You know that strange feeling

when you have laid down to sleep that you think you will never wake up again? Even worse when you enjoy it, when it comes as a relief to sink into your pillow and think of never rising out again? Well, I had that last night. It's funny when something like that happens and then you wake up feeling firstly dissapointed that you did wake and secondly guilty for feeling it. Well, I do. Not sure why anymore, guilt is a shit emotion. I've always tried to push it away from me as soon as I feel it, as I honestly don't have anything to feel guilty about. It's funny how often your feelings can make you feel guilty, because they just happen, you don't make yourself have them....so talking about them should not be something you feel ought to be punished.

Right, before you send the white coats in for me, I know I'm being a grump. I know from my website stats each week that alot of people read this blog, and I wonder what the fuck you think when you do.

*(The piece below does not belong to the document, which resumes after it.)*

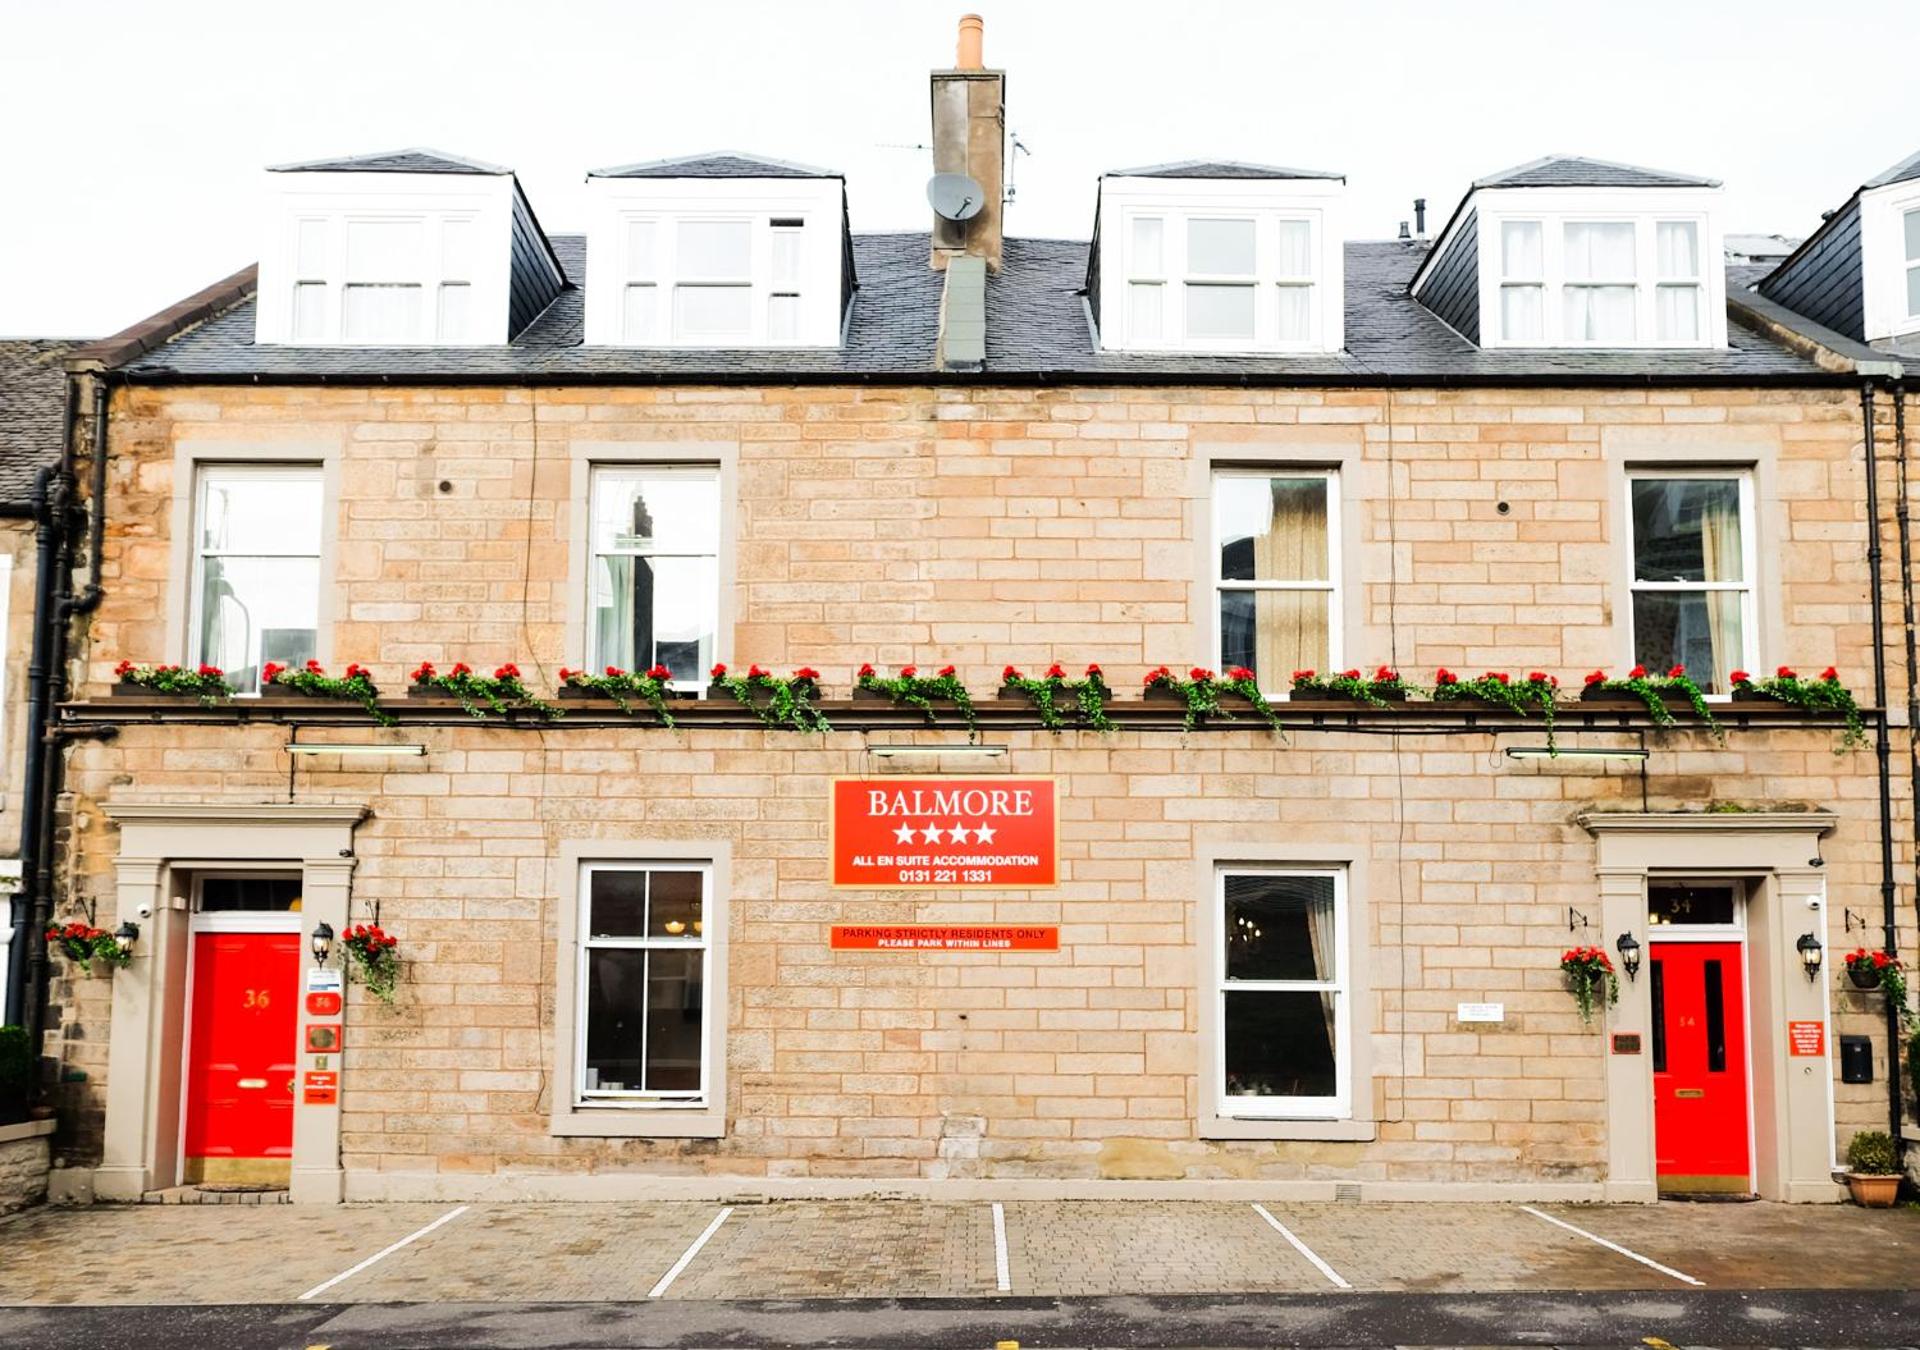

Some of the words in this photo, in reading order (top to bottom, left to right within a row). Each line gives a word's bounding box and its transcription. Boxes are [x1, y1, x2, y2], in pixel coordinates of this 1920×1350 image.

How can the chick who smooches about in sequinned dresses and pink lipstick singing childish songs about Jelly Babies be so fucking morose. Why am I reading this morbid shit. Why, when my day could be filled with making money. Why, when I could be getting drunk and out looking for cheap kicks? That stuff's important right? That's what we do. We don't think about much else if we can help it. Well, I can't fucking help it. I don't even want to help it. I'm hurt.
I do feel sad. I don't feel angry, I feel dissapointed and I feel alone, and quite sad. I bet I'm not the only one in the world, but I don't know them so it dosen't really help me to imagine.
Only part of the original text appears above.